Mais vous oubliez de descendre au Sous-Sol. Là où ça sent le pétrole brûlé et les câbles sous-marins.
La Tunisie ne souffre pas seulement du blocus d’Ormuz. Elle souffre de la Double Peine. Celle que vous ne voyez pas depuis votre bureau climatisé. Les miens, là-bas, triment pour exporter de l’Huile d’Olive et du Phosphate. Ils les vendent en Euros. La monnaie des vacances et des fromages qui puent. Mais quand il s’agit de remplir le réservoir de la voiture, d’acheter du blé pour le pain, ou des médicaments pour les hôpitaux, il faut sortir les Dollars. Et le Dollar, il se moque de l’Euro comme un cow-boy se moque d’un touriste égaré dans le désert.

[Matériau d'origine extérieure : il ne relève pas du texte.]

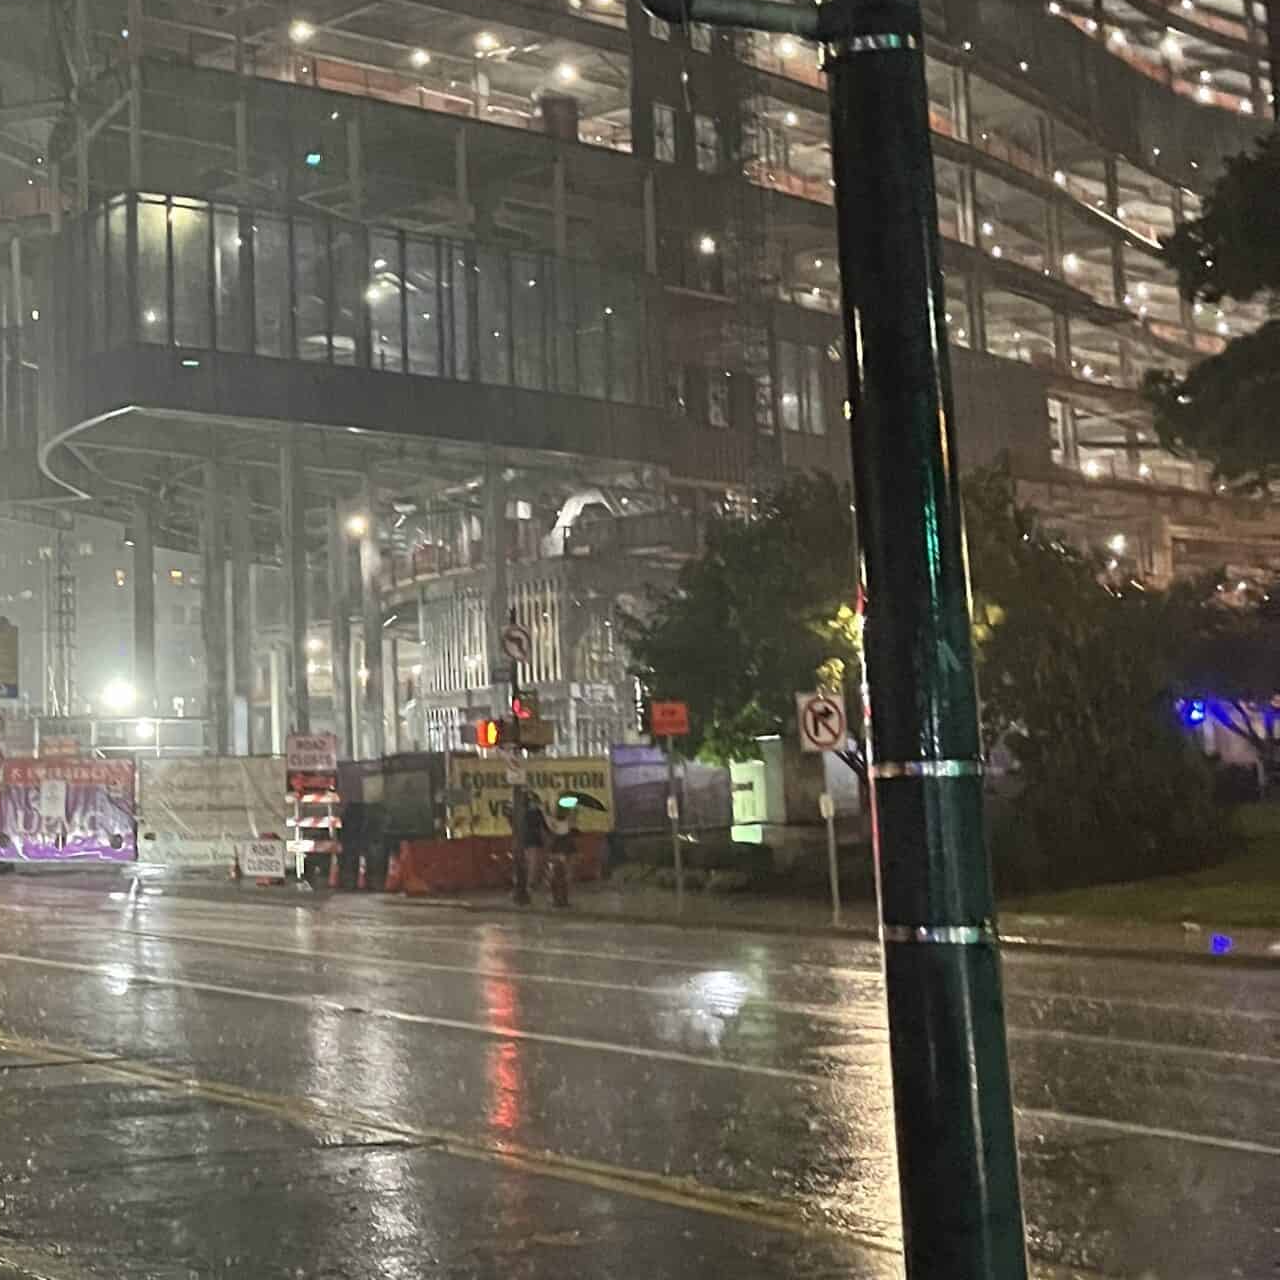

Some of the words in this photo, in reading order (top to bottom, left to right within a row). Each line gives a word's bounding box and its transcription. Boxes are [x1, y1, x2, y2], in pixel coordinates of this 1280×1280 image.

Et ce n’est pas tout. Il y a la Triple Peine. Celle qui plombe le navire. L’ardoise. La Dette. 44 milliards de Dollars. Pas d’Euros. Des Dollars. Chaque fois que l’Euro baisse face au Dollar, le Trésor public doit racler les fonds de tiroir pour payer ses créanciers. On vend de l’huile d’olive en Euros, et on rembourse les banques en Dollars. C’est comme remplir un seau percé avec un robinet qui fuit.
Alors, votre « hausse des prix du brut », c’est la cerise sur le gâteau. Le vrai poison, c’est le Change. C’est le Pétrodollar. C’est le système qui fait que des pays comme la Tunisie triment pour amasser des Euros, et doivent les changer en Dollars pour acheter de quoi survivre et rembourser leurs dettes. Et pendant ce temps, d’autres achètent leur pétrole en Yuan.
Vous voulez une vraie analyse ? Arrêtez de compter les bateaux qui passent ou pas. Demandez-vous plutôt qui tient la pompe. Qui contrôle le GPS depuis Diego Garcia. Qui a posé les Câbles Internet par où transitent vos dépêches angoissées. Et surtout, qui imprime la Monnaie dans laquelle vos compatriotes paient leur essence, et celle que les miens doivent racheter à prix d’or pour survivre.
Voilà le Vrai Sous-Sol. Le reste, c’est de la météo marine pour plaisanciers du dimanche.
Signé : Salah, le Trappeur sans Bac.
Mécanicien des égouts géopolitiques, dépanneur des analyses en panne de fondations, et comptable de la Triple Peine
Roberto Di Camerino
L’Iran voulait tenir le reste du monde en otage. Ils pensaient pouvoir fermer le détroit aux autres nations tout en continuant à écouler leur pétrole sans difficulté. Mais Trump et son état-major se sont montrés plus chevronnés, plus intelligents, mieux équipés et surtout plus déterminés : ils ont mis en échec le blocus iranien, ils ont bloqué les iraniens eux-mémes.
Gg
Le titre est trompeur.
Suite à la réouverture du détroit par l’Iran, les américains ont levé leur blocus, mais bien sûr ils ont laissé les bateaux sur place en attendant un accord officiel avec l’Iran.
Ce dernier imaginait il que les bateaux américains allaient tout de suite rentrer à la maison? Faut pas les prendre pour des truffes, et de toutes façons il faudra que les eaux internationales soient libres de circulation sans condition…
Ce sera difficile.
Les iraniens font comme si le Liban leur appartenait, ce n’est pas le cas.
Le désarmement du hezbollah n’est encore qu’un voeu pieu, et le cadre des activités nucléaires de l’Iran reste à définir.
Salah tataouine
Bonjour Gg
Voilà le Vrai Sous-Sol. Le reste, c’est de la météo marine pour plaisanciers du dimanche. Et pendant qu ils comptent les bateaux qui passent ou pas, on doit savoir : il y a deux façons de voir le monde. celle des « journalistes », c’est l’IR classique(pensez detection des avions de guerre). ils foncent vers le point le plus chaud, la déclaration la plus brillante, le ‘spike’ de l’info. Facile à leurrer avec un communiqué bien senti. La notre, c’est l’IIR(detecter un f35?). La caméra thermique. Je ne regarde pas les points chauds. Je regarde la Silhouette. La Forme de la Zone 209, du Pétrodollar, de la Dette en Dollars. Et croyez-moi, même refroidie, elle est parfaitement visible pour qui sait lire le ciel.
Signé : Salah, le Trappeur sans Bac.
Mécanicien des égouts géopolitiques, dépanneur des analyses en panne de fondations, et comptable de la Triple Peine.
Détecteur IIR de vérités qui dérangent.